Let’s set the scene.
Europe is torn apart by Hitler’s determination to not only create a new German Empire but to take over all of Europe. Great cities are in rubble. Men, women, and children have died until the bombs and artillery of both sides. It is an ugly scene that doesn’t seem to have an end. The Allies (Great Britain, America, and the Soviet Union) had a plan to counter Hitler’s advance across Europe. It would be risky. It would be dependent on as much luck as experience. It would call for men to walk into the battle knowing they would not survive, all to push Hitler back.

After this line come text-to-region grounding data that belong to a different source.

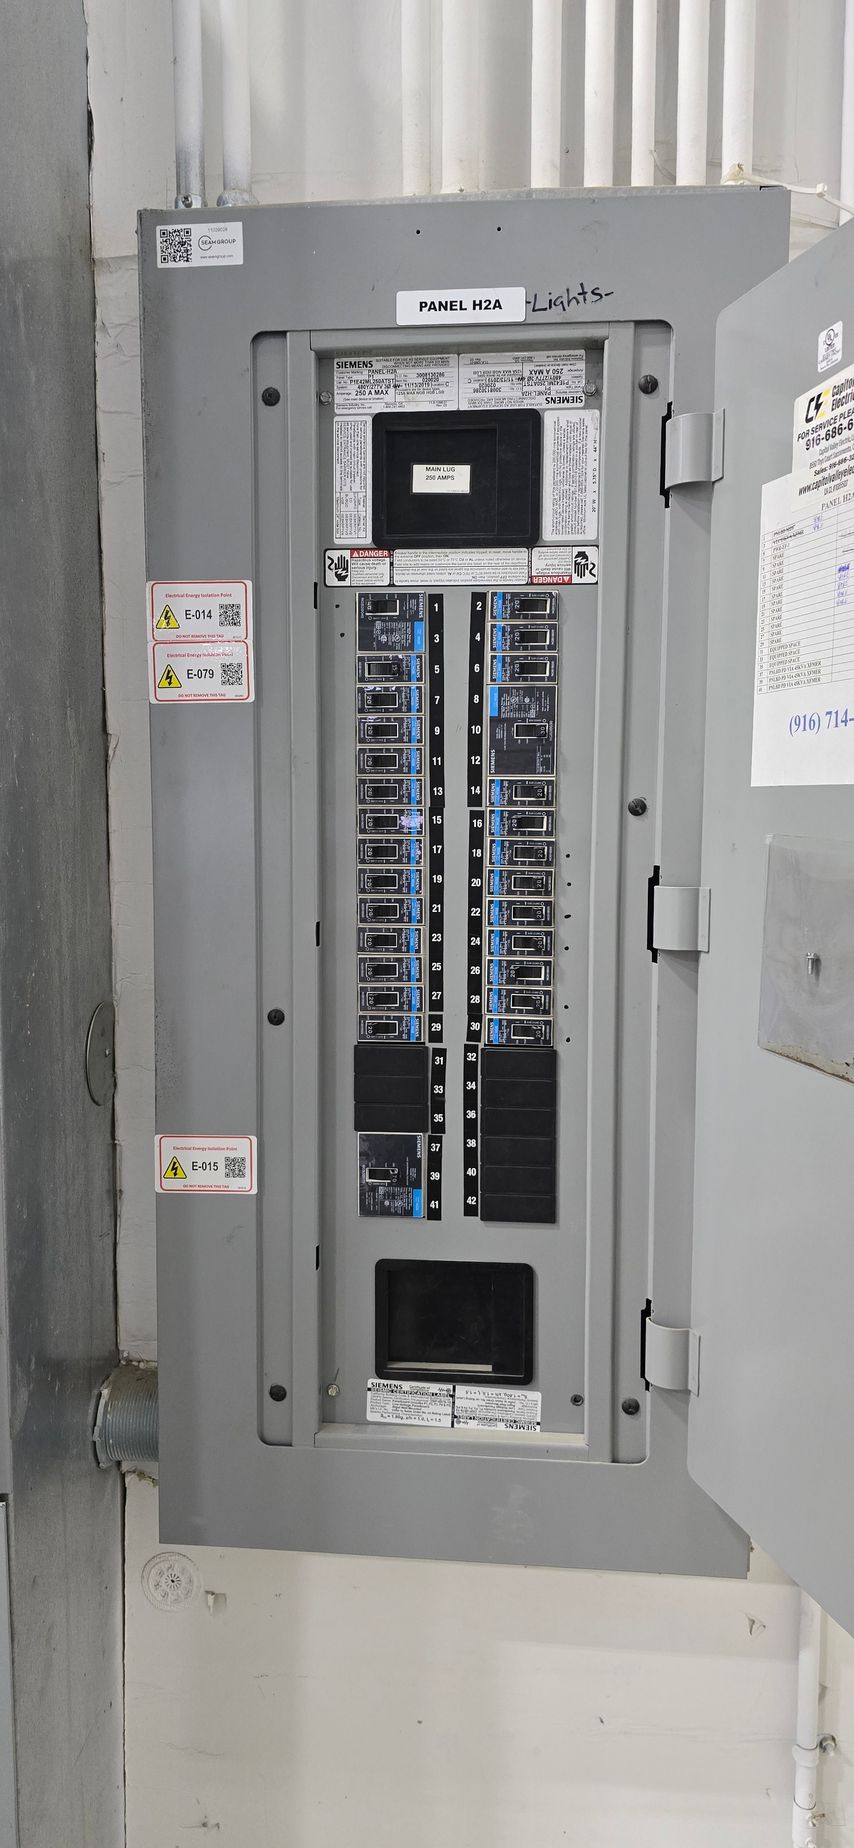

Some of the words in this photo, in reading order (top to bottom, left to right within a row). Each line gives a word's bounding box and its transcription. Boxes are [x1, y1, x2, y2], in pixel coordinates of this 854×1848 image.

[419, 300, 467, 312] PANEL
[472, 299, 502, 311] H2A
[336, 360, 373, 369] SIEMENS
[545, 396, 583, 404] SIEMENS
[797, 429, 810, 442] FOR
[811, 415, 838, 435] SERVICE
[821, 496, 840, 511] PANEL
[433, 603, 439, 611] 1
[476, 602, 482, 610] 2
[515, 600, 520, 609] 20
[185, 609, 212, 620] E-014
[433, 634, 440, 642] 3
[475, 633, 481, 641] 4
[515, 631, 520, 641] 20
[434, 665, 440, 673] 5
[474, 664, 480, 672] 6
[515, 663, 520, 672] 20
[187, 669, 214, 679] E-079
[434, 696, 440, 704] 7
[473, 695, 480, 703] 8
[790, 712, 821, 737] (916)
[825, 708, 854, 729] 714-
[434, 727, 440, 735] 9
[470, 725, 482, 734] 10
[541, 726, 546, 734] 30
[432, 757, 441, 765] 11
[470, 756, 481, 764] 12
[432, 787, 443, 795] 13
[470, 786, 481, 794] 14
[537, 788, 542, 796] 20
[431, 816, 442, 824] 15
[472, 819, 483, 827] 16
[432, 845, 443, 853] 17
[471, 849, 482, 857] 18
[432, 875, 443, 883] 19
[537, 880, 541, 888] 20
[432, 904, 441, 912] 21
[470, 908, 481, 916] 22
[470, 937, 481, 945] 24
[470, 966, 481, 974] 26
[470, 995, 481, 1003] 28
[431, 1023, 442, 1031] 29
[470, 1022, 481, 1030] 30
[466, 1053, 477, 1061] 32
[433, 1085, 444, 1093] 33
[433, 1114, 444, 1122] 35
[466, 1110, 477, 1118] 36
[466, 1139, 477, 1147] 38
[192, 1162, 219, 1171] E-015
[430, 1172, 440, 1180] 39
[466, 1168, 477, 1176] 40
[371, 1382, 403, 1390] SIEMENS
[504, 1423, 537, 1432] SIEMENS

On June 6, 1944, more than 160,000 Allied troops landed along a 50-mile stretch of heavily-fortified French coastline, to fight Nazi Germany on the beaches of Normandy, France. Gen. Dwight D. Eisenhower called the operation a crusade in which, “we will accept nothing less than full victory.” More than 5,000 Ships and 13,000 aircraft supported the D-Day invasion, and by day’s end, the Allies gained a foot-hold in Continental Europe. The cost in lives on D-Day was high. More than 9,000 Allied Soldiers were killed or wounded, but their sacrifice allowed more than 100,000 Soldiers to begin the slow, hard slog across Europe, to defeat Adolf Hitler’s crack troops. (army.mil)
This invasion was the final straw for Hitler. His defeat was nearly sealed once D-Day was successful.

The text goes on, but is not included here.